Katrina Jackson wrote:

>     I am concerned Debian isn't trying to meet people's needs enough.   

That depends on whose needs you consider. Debian has a much wider target
audience, among them distribution builders such as SkoleLinux or Ubuntu.
It is true that we do not follow the individual end users' needs that
closely, because there are other interests at stake.

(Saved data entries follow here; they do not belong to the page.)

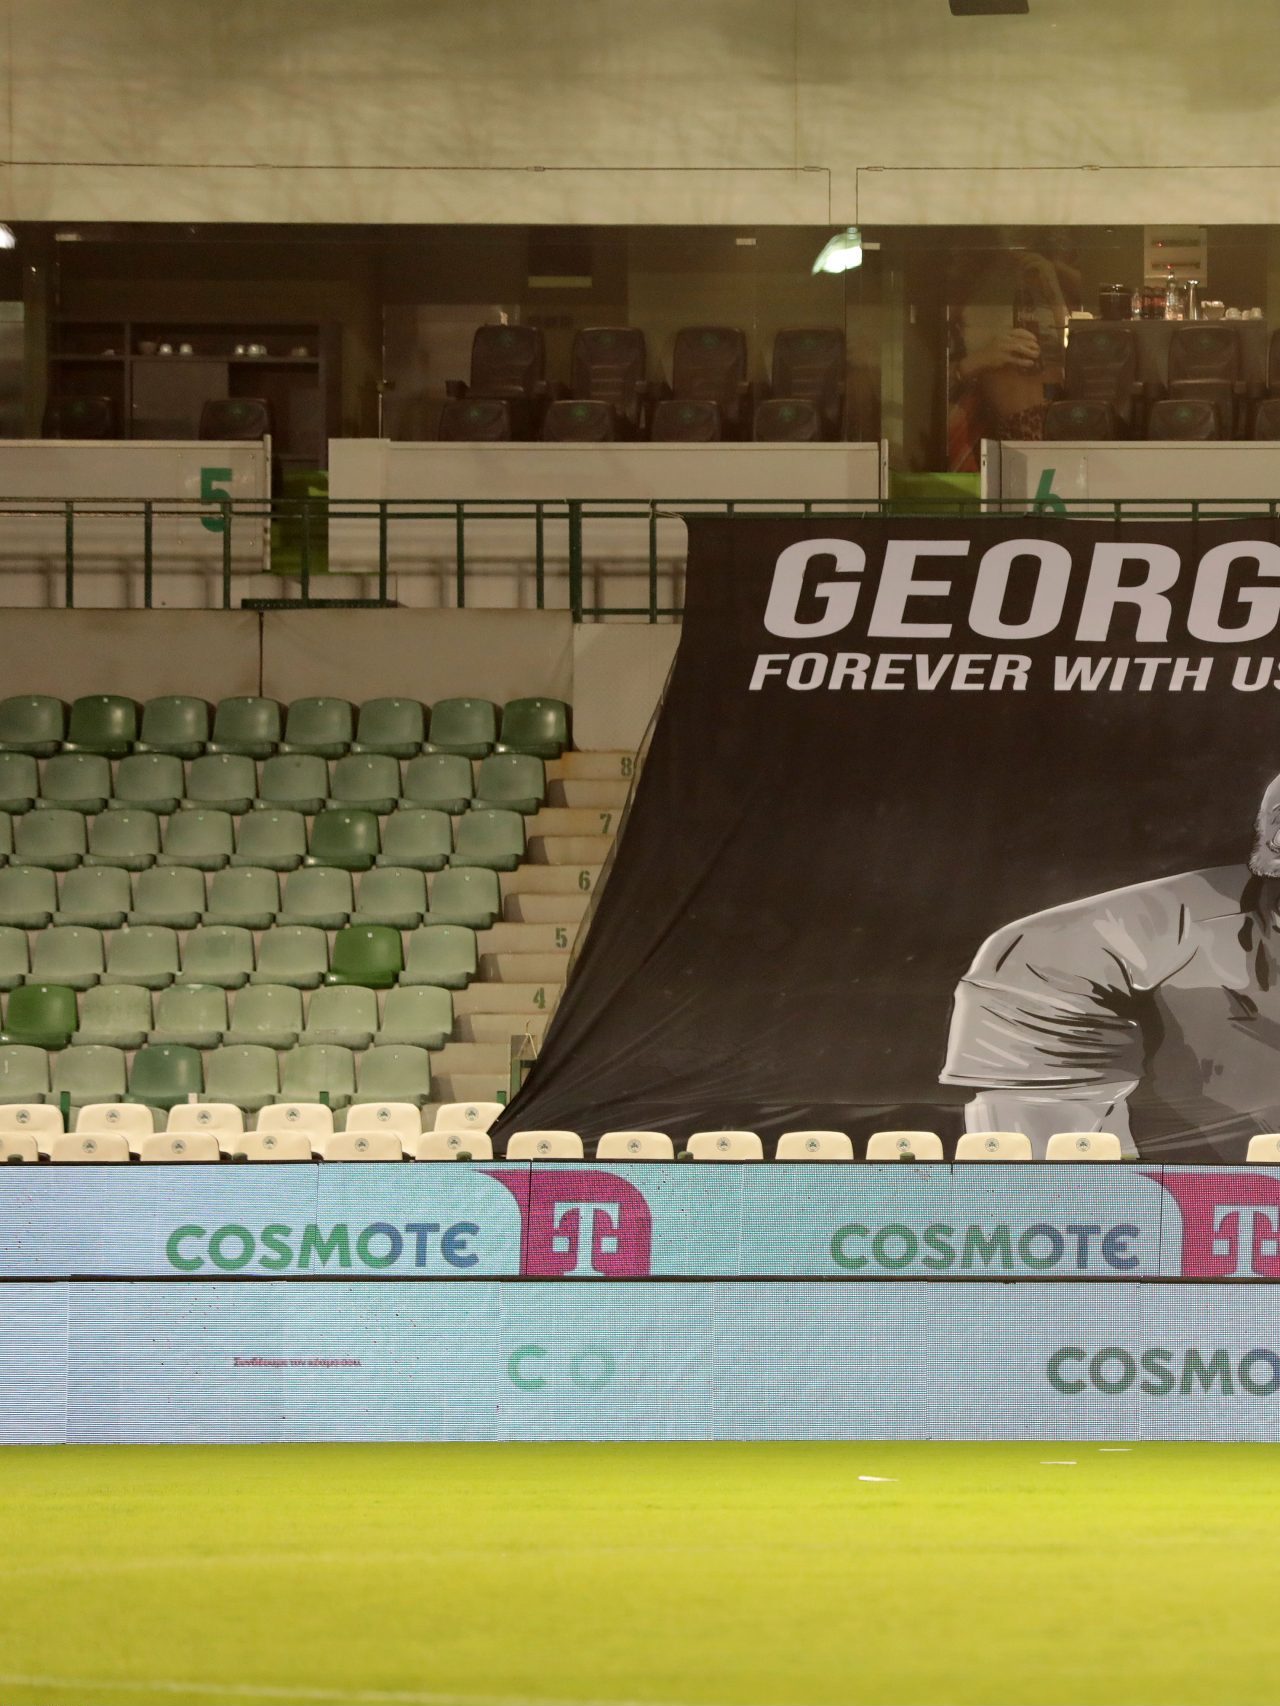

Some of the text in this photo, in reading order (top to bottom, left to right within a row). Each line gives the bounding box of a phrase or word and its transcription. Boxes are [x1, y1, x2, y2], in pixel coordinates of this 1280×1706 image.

[201, 468, 232, 532] 5
[748, 652, 1032, 691] FOREVER
[1054, 656, 1215, 691] WITH
[621, 757, 632, 777] 8
[600, 813, 612, 834] 7
[578, 870, 591, 891] 6
[555, 927, 568, 948] 5
[533, 987, 545, 1009] 4
[166, 1222, 479, 1270] COSMOTE
[832, 1225, 1140, 1270] COSMOTE

> You seem to have so many more people working for you, and you both use
> the same format for things, so it doesn't make sense to me why you can't
> keep up with Ubuntu.    

I can see a number of reasons.

One of them is that Ubuntu developers get paid. That makes a huge
difference, as they can devote a lot more time each day to their work
than, say, a student who also needs to work besides his university
duties to stay afloat, and can only dedicate a few hours on a weekend to

Another issue is, of course, the "mythical man month". If one man can
walk to the next town in half an hour, how long will ten men need to
accomplish that?

> A.  Ubuntu seems like it can get hardware support immeadiatly, but that
> support never seems to quickly get to Debian.   I have been using Ubuntu
> since Debian doesn't wok on my laptop.  Suspend doesn't work and my
> wireless pro  3945ABG doesn't work.  With Ubuntu everything works fine.

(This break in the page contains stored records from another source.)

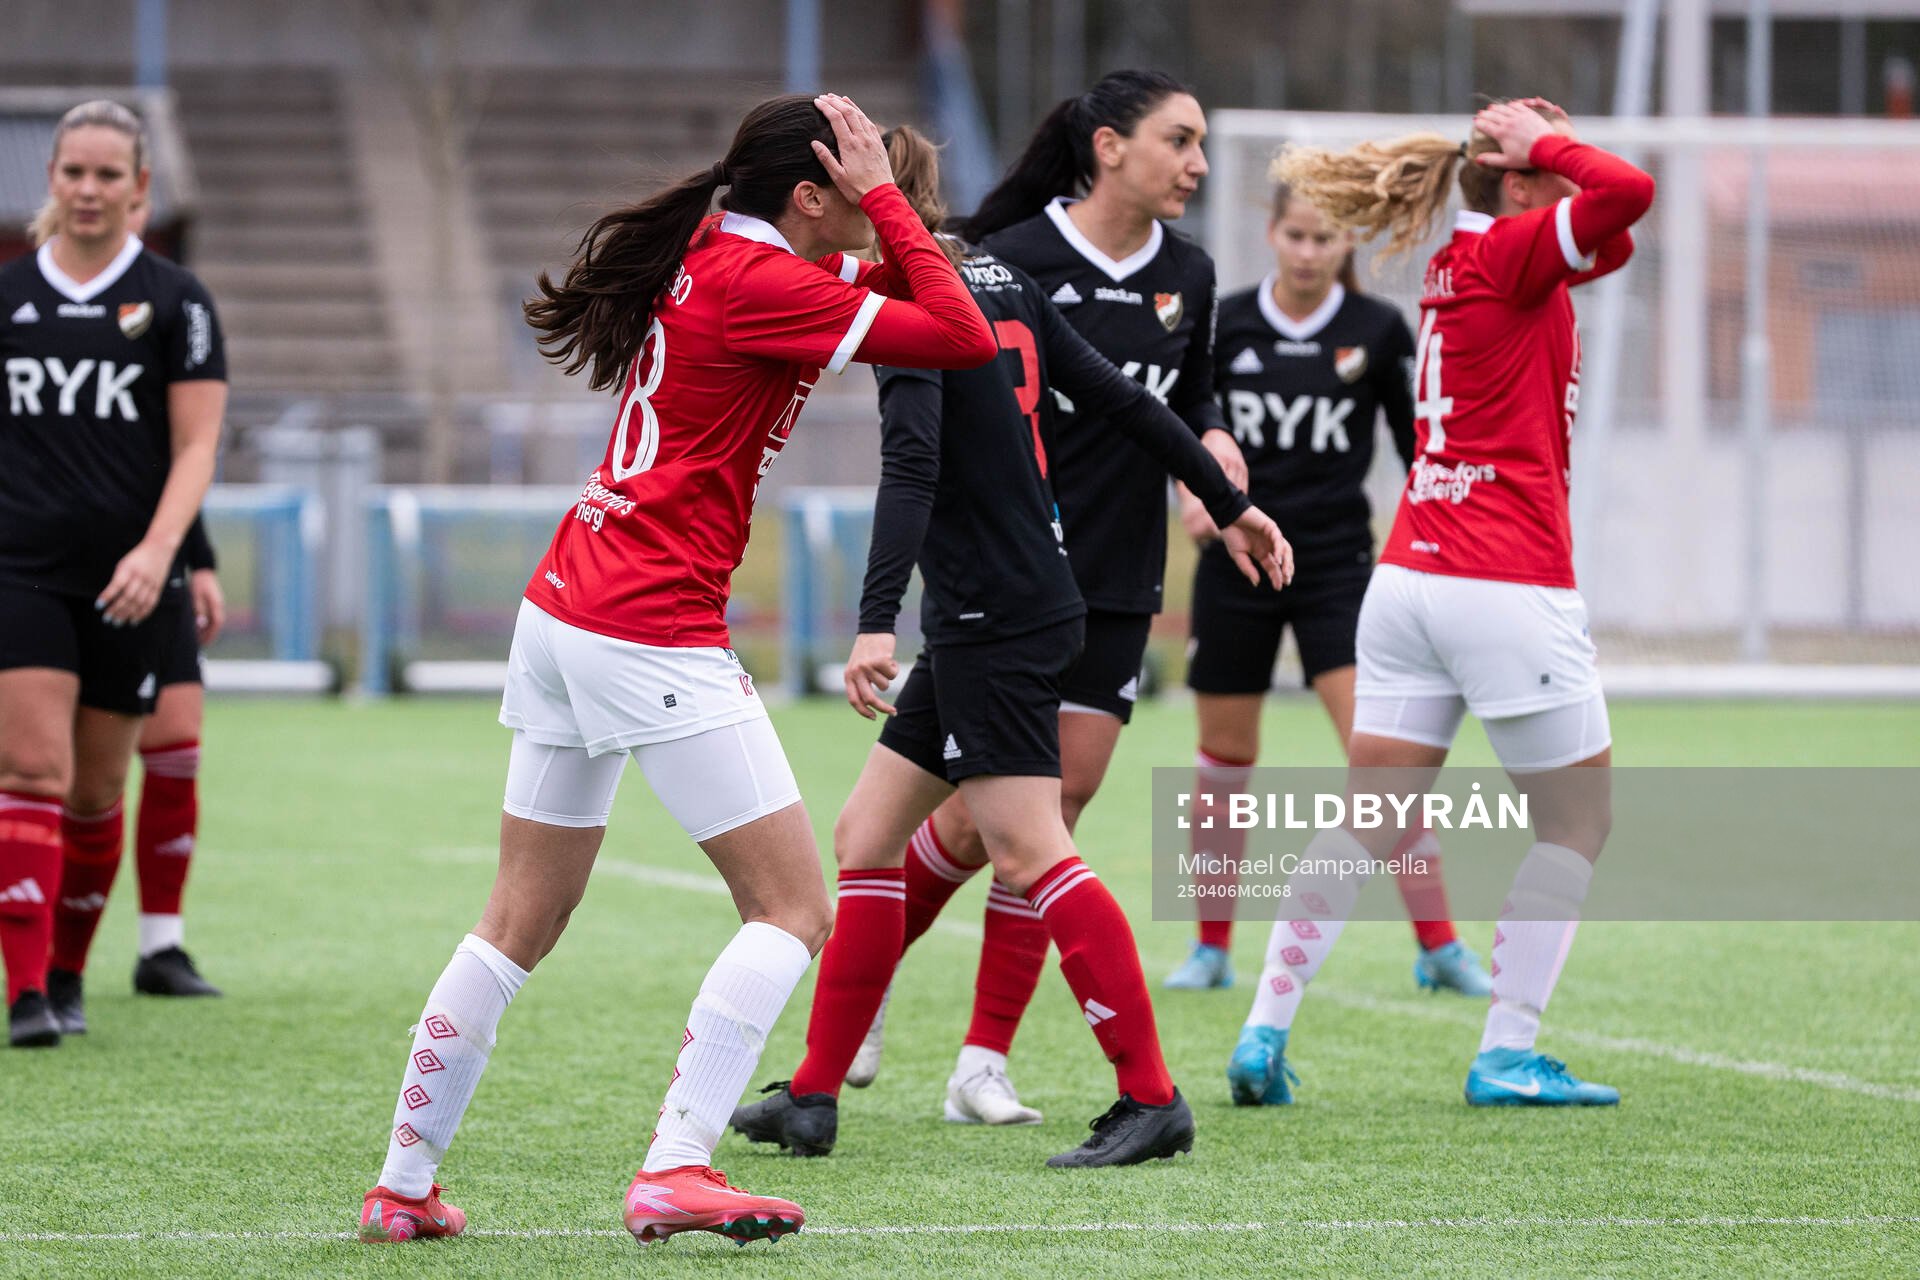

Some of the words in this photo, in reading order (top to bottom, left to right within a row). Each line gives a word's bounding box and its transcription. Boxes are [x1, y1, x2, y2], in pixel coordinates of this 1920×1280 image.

[5, 357, 144, 422] RYK
[1228, 389, 1357, 453] RYK
[738, 675, 753, 696] 18
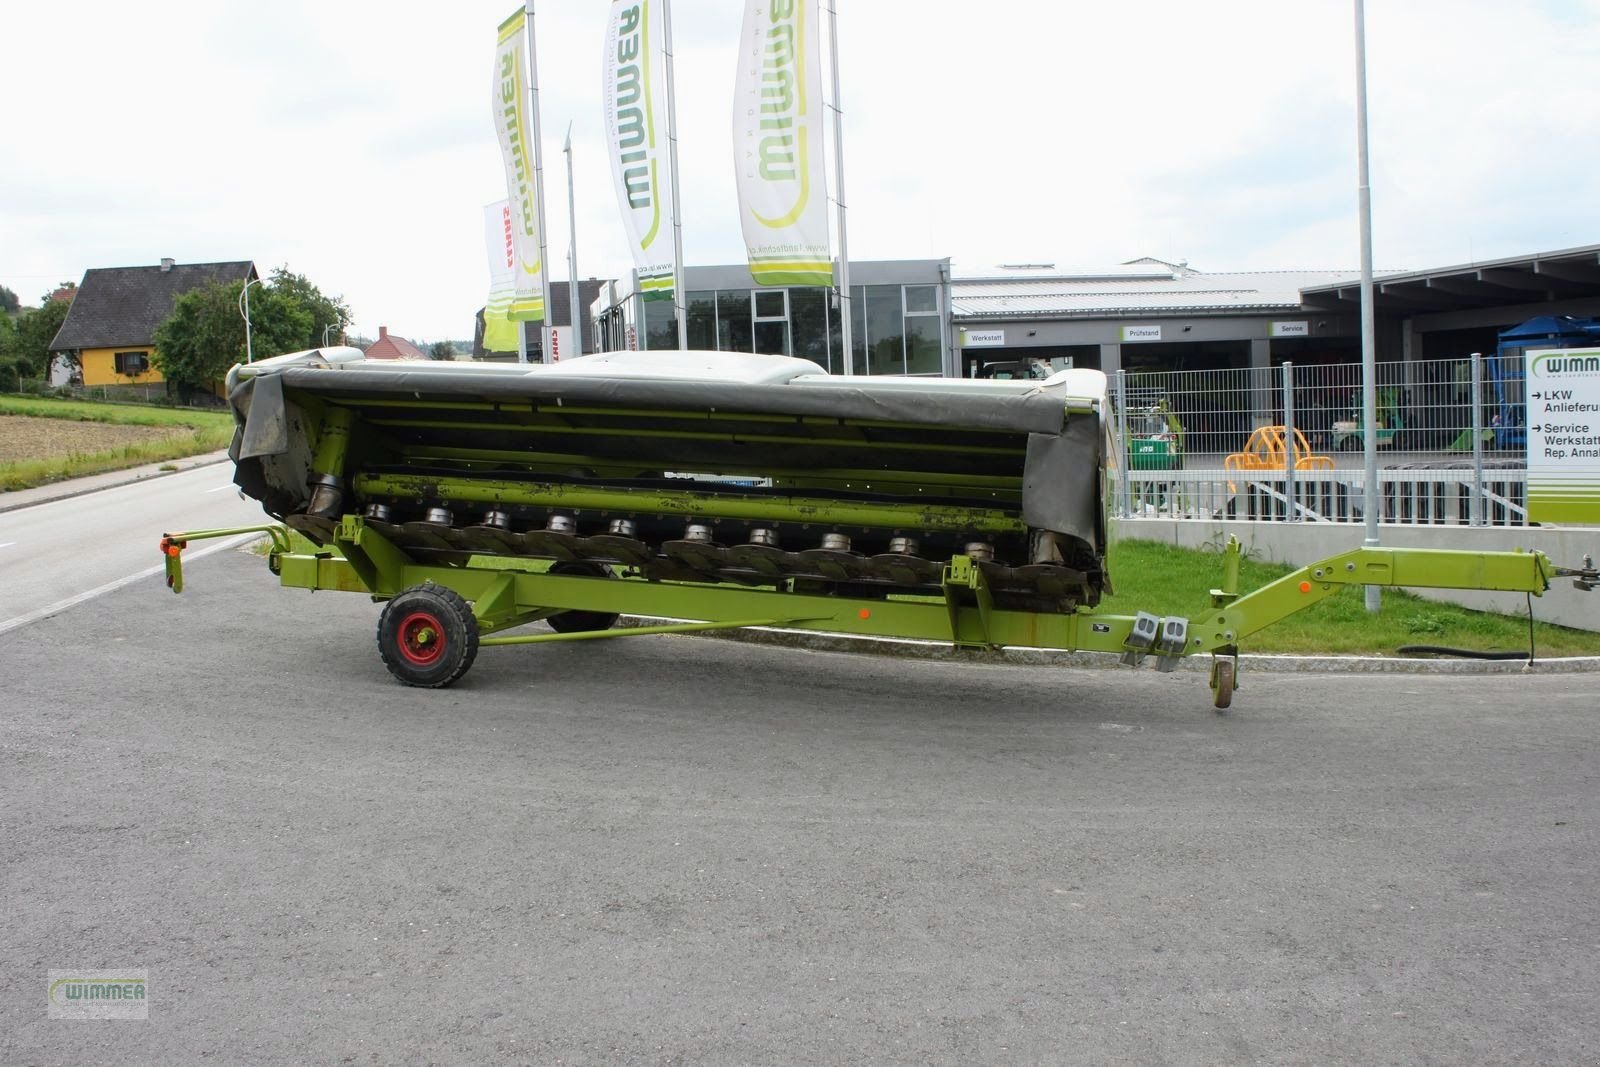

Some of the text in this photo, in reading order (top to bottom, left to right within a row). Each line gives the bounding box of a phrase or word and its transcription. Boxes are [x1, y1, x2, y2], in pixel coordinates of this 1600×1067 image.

[1547, 357, 1600, 373] WIMM
[1544, 390, 1573, 400] LKW
[1544, 402, 1600, 412] Anlieferu
[1544, 423, 1589, 433] Service
[1544, 448, 1568, 459] Rep.

This is one of the cases where different interests come into play. A lot
of modern hardware requires binary-only firmware to operate. A
distribution with a clear end-user focus such as Ubuntu can easily
strike a deal with hardware manufacturers to get the necessary
permissions; it may not be allowed to derive a distribution from Ubuntu
that also includes these drivers as the license on them prohibits

Debian cannot ship these, as it would violate the Social Contract. While
this is a downside for end users, it is a big win for derivers, who do
not need to evaluate all the licenses for the software they ship again,
as all the necessary freedoms must be granted for a piece of software to
be included at all.

> B.  Ubuntu members not only support mailing lists and IRC but suport
> user forums which are so much more user friendly and don't fill up your
> mailbox.

My definition of "user friendly" seems to be different from yours then.
:-) I have so far not seen any forum software that will allow me to read
 or reply offline, or delete entire subthreads that are of no interest
to me. Basically, most forum implementations have been bad reinventions
of email and Usenet, with the additional disadvantage that each of them
also implemented an user interface that was slightly different from each
of the others, and thus presents a new learning challenge. That each
forum also requires additional login credentials is not helping either.

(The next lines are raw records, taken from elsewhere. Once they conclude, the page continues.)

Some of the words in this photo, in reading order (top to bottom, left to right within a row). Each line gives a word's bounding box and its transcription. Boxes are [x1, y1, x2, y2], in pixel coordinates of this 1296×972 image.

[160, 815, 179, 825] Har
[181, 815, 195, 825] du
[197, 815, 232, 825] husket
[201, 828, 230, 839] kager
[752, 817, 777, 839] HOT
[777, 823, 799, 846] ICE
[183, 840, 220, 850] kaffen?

> C.  You seem to worry only about packaging.  You push people to
> package.  But you don't focus on making your OS better.  Ubuntu has made
> so many nice features for their OS that you don't seem to do.  I really
> don't know why.   I think you need to emphsise less packaging and more
> focus on making your current OS better for people.  Why does Ubuntu have
> to have all the great ideas for their users?  One example:  They have a
> pop up telling you updates are ready.  Now maybe you now have this
> feature, I don't know, but I see great ideas like this every six months
> with Ubuntu, and I see nothing from debian.  Except apt, but man, one
> nice thing a decade is pretty slow.

The update notification is there, provided you have it installed, use
the GNOME desktop and have it activated. Ubuntu does this by default,
because if you use Ubuntu, you will use the GNOME desktop, and if you
have administrative privileges, you are going to be interested in
updates. In Debian, it is assumed that an user does not have admin
rights at all, so there is no real point in unconditionally showing the
update notification. So again, target audience.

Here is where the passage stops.